El Royal de perdiz conectó con el recetario cinegético de la zona y aportó ese sabor profundo que da la caza. Acompañaba fantásticamente con el tinto de garnacha tintorera de la zona con el que disfrutamos toda la comida y que es simplemente magnifico, el Annapurna (gracias a las oportunas recomendaciones de la Sumiller).
El plato de espinacas a la crema en dos texturas ( texturas de crema y pastel) fue correcto pero sin emoción. Se nota la técnica pero el plato no logra "hablar".

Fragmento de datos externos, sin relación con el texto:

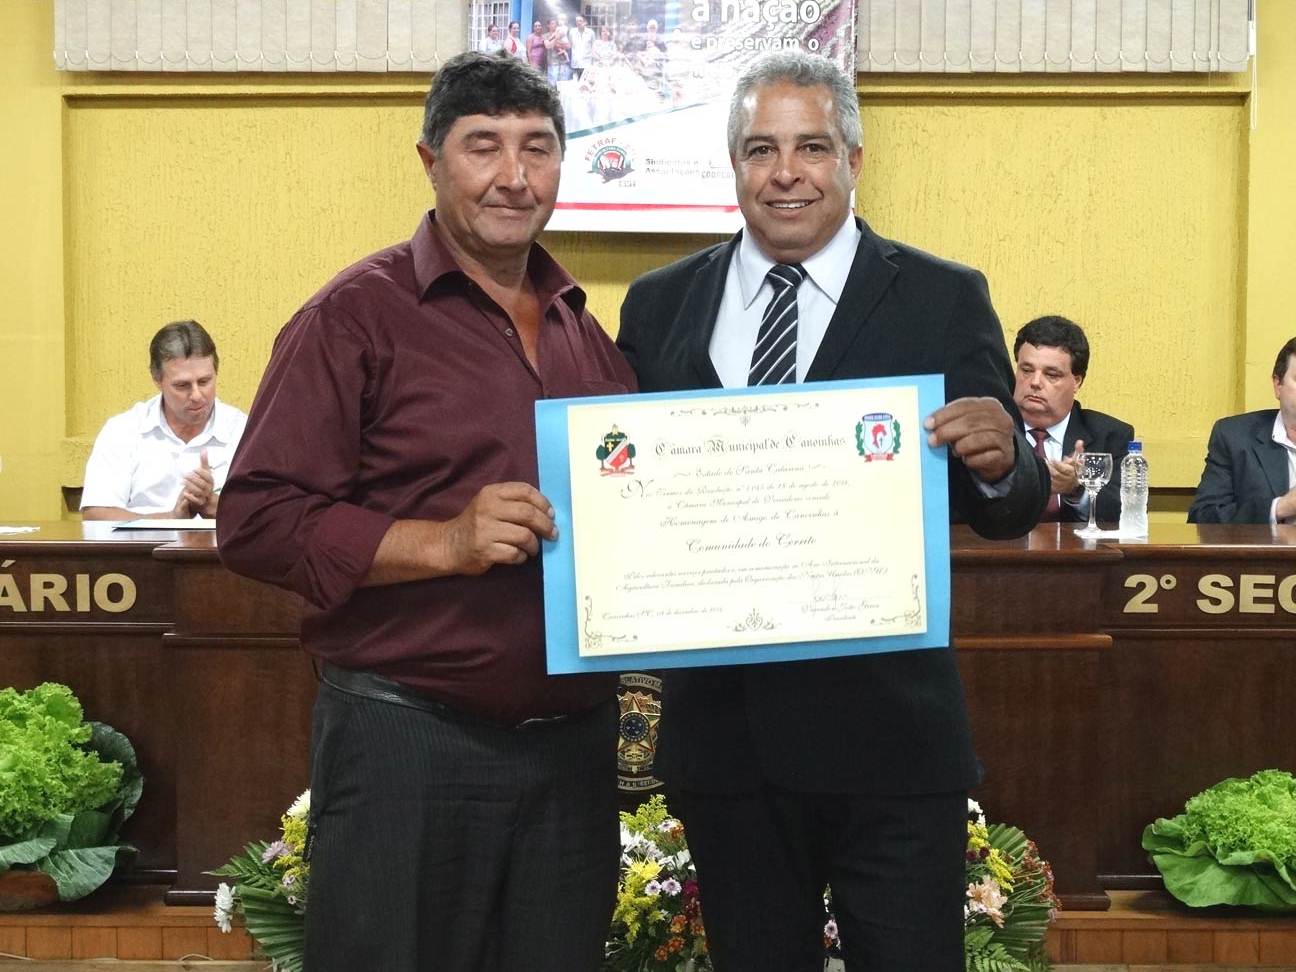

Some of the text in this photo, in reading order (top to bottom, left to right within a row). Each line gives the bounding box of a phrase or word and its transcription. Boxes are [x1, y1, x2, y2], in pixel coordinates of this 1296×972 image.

[691, 36, 820, 52] e preservam o
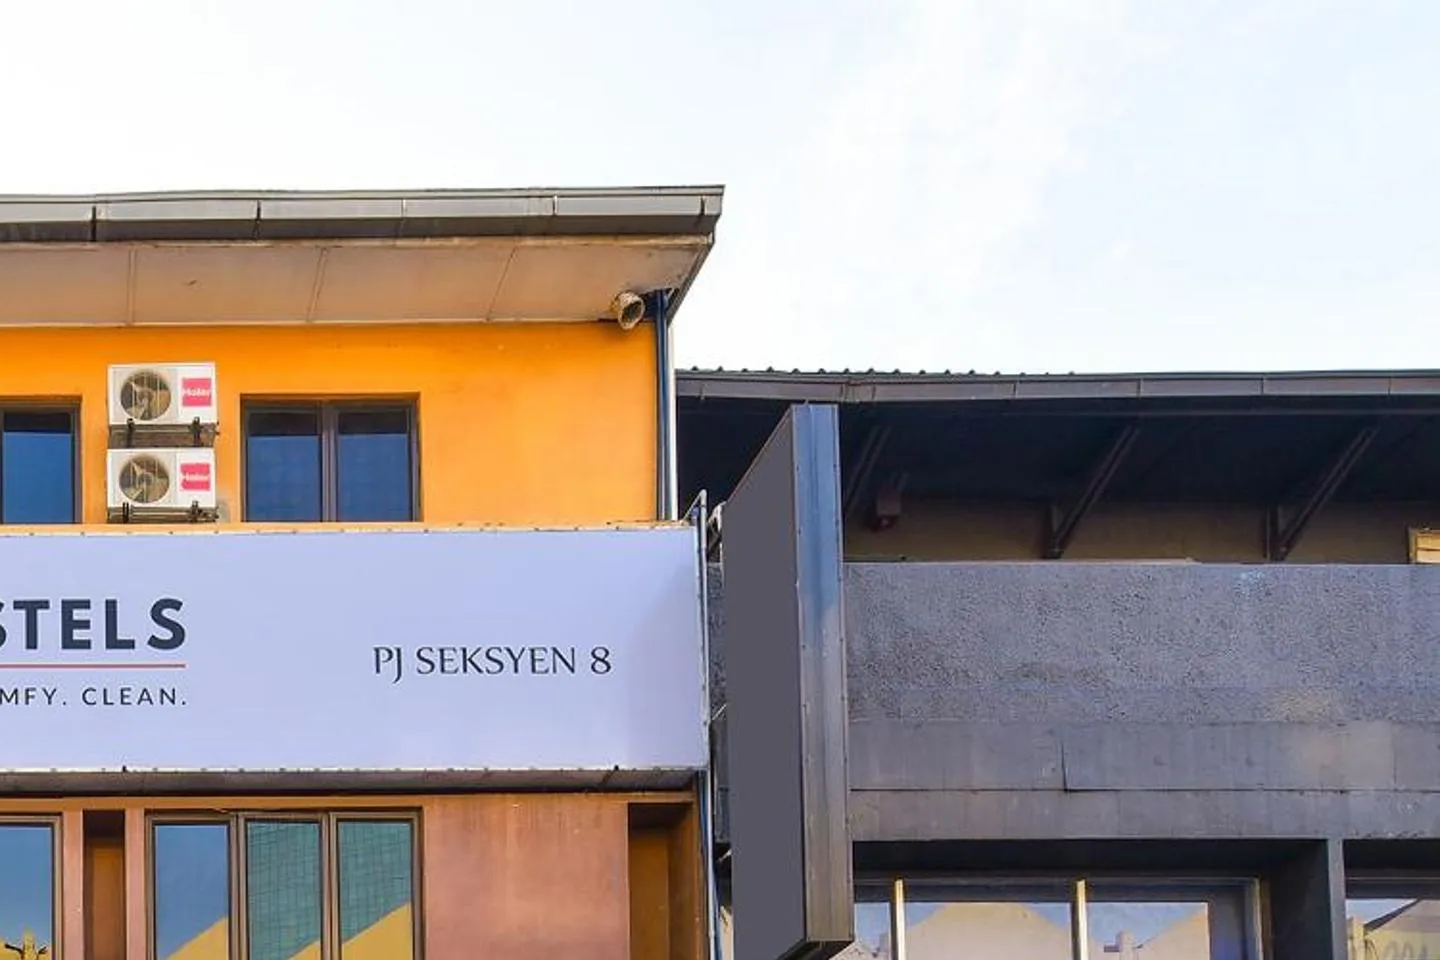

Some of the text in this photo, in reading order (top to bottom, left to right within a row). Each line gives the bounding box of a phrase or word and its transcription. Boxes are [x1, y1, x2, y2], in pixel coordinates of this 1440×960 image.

[373, 646, 612, 684] PJ SEKSYEN 8
[82, 687, 187, 706] CLEAN.
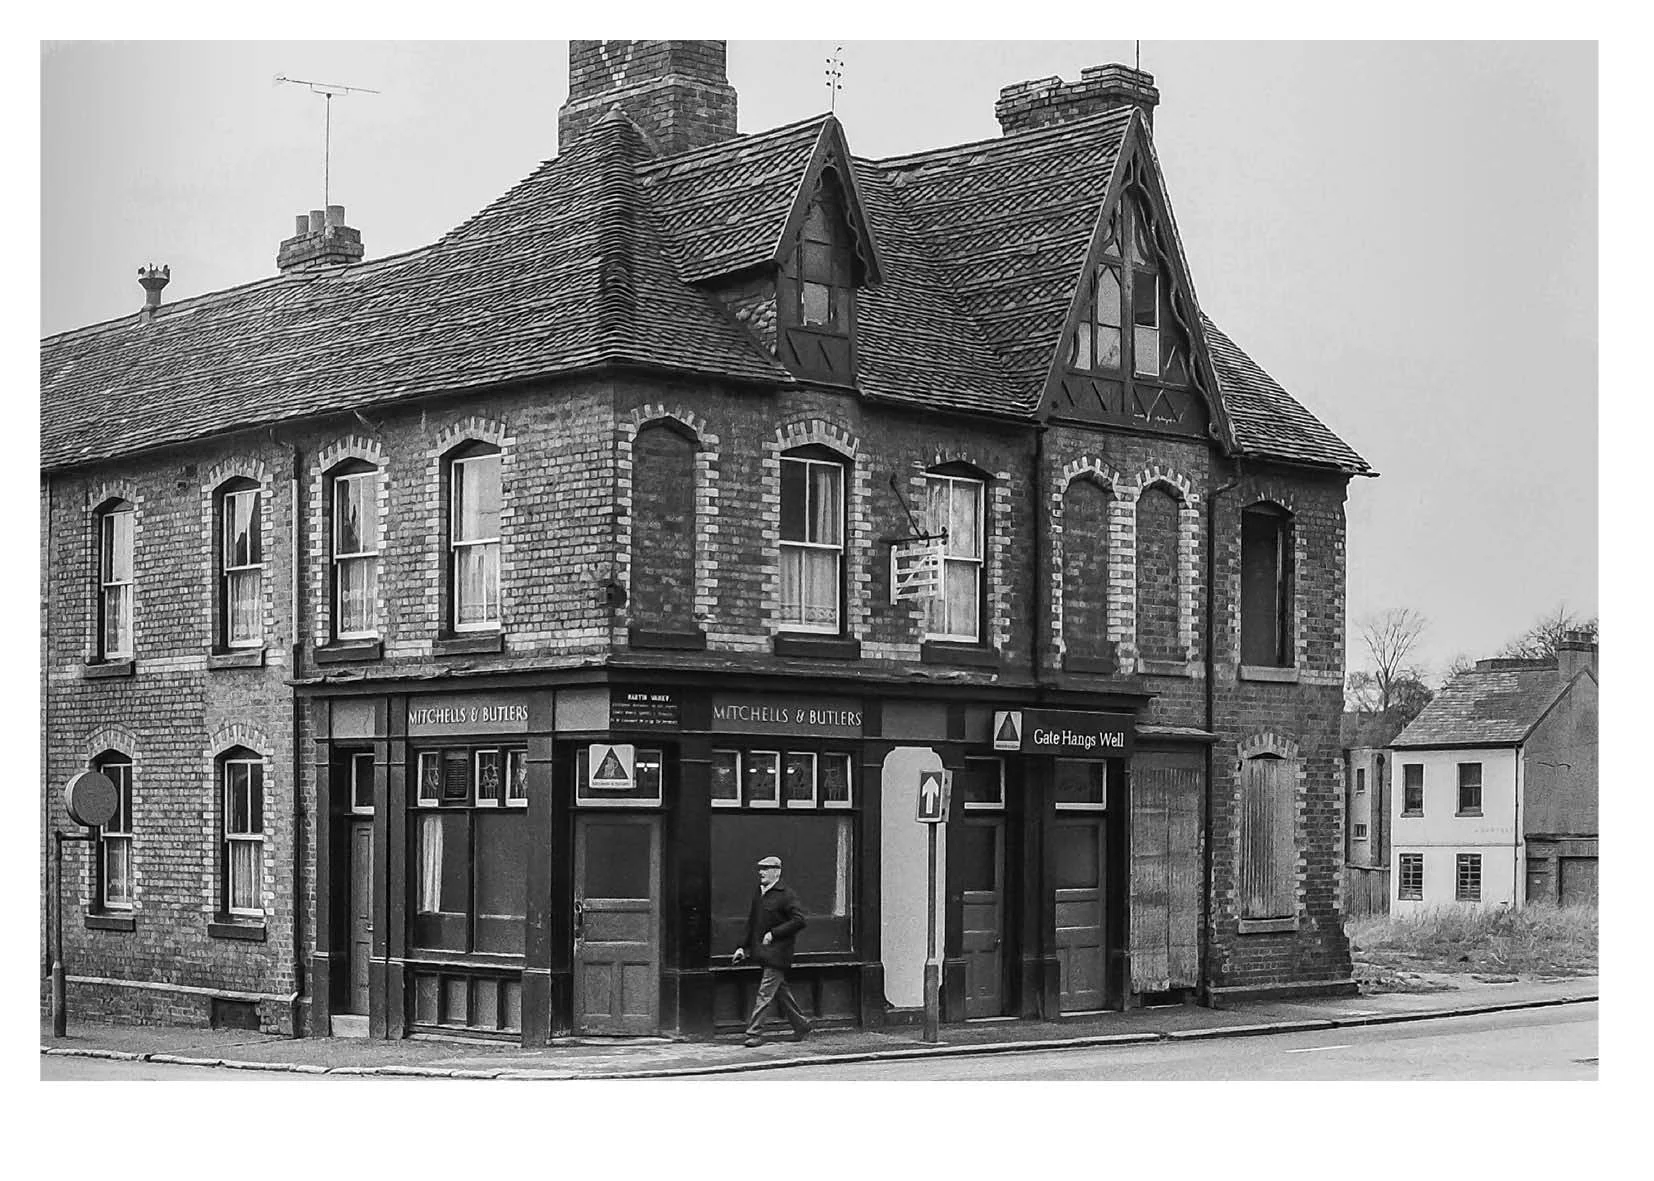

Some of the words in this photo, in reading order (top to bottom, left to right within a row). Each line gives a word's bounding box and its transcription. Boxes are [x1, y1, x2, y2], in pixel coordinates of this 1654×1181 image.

[408, 707, 466, 724] MITCHELLS
[470, 707, 480, 722] &
[483, 705, 528, 721] BUTLERS
[713, 705, 789, 722] MITCHELLS
[796, 709, 805, 724] &
[809, 709, 862, 726] BUTLERS
[1033, 729, 1060, 745] Gate
[1062, 730, 1096, 750] Hangs
[1099, 732, 1124, 747] Well

El lenguado y el plato de quisquilla muy buenos. Igualmente su plato de cordero manchego, aunque lo del embutido que lo acompañaba sobraba.
Antes de los postres un coctel artesano sumamente agradable. De postres mencionar el de fresas, hierbas frescas y yogur y por supuesto sus petit fours (pequeñas joyas). El postre de setas, boletus y ajo negro fue entrar el terreno de los "postres no dulces". Es una tendencia fuerte, pero el ajo negro es un invasor implacable, para mi me dejó una sensación de saturación en lugar de un cierre elegante.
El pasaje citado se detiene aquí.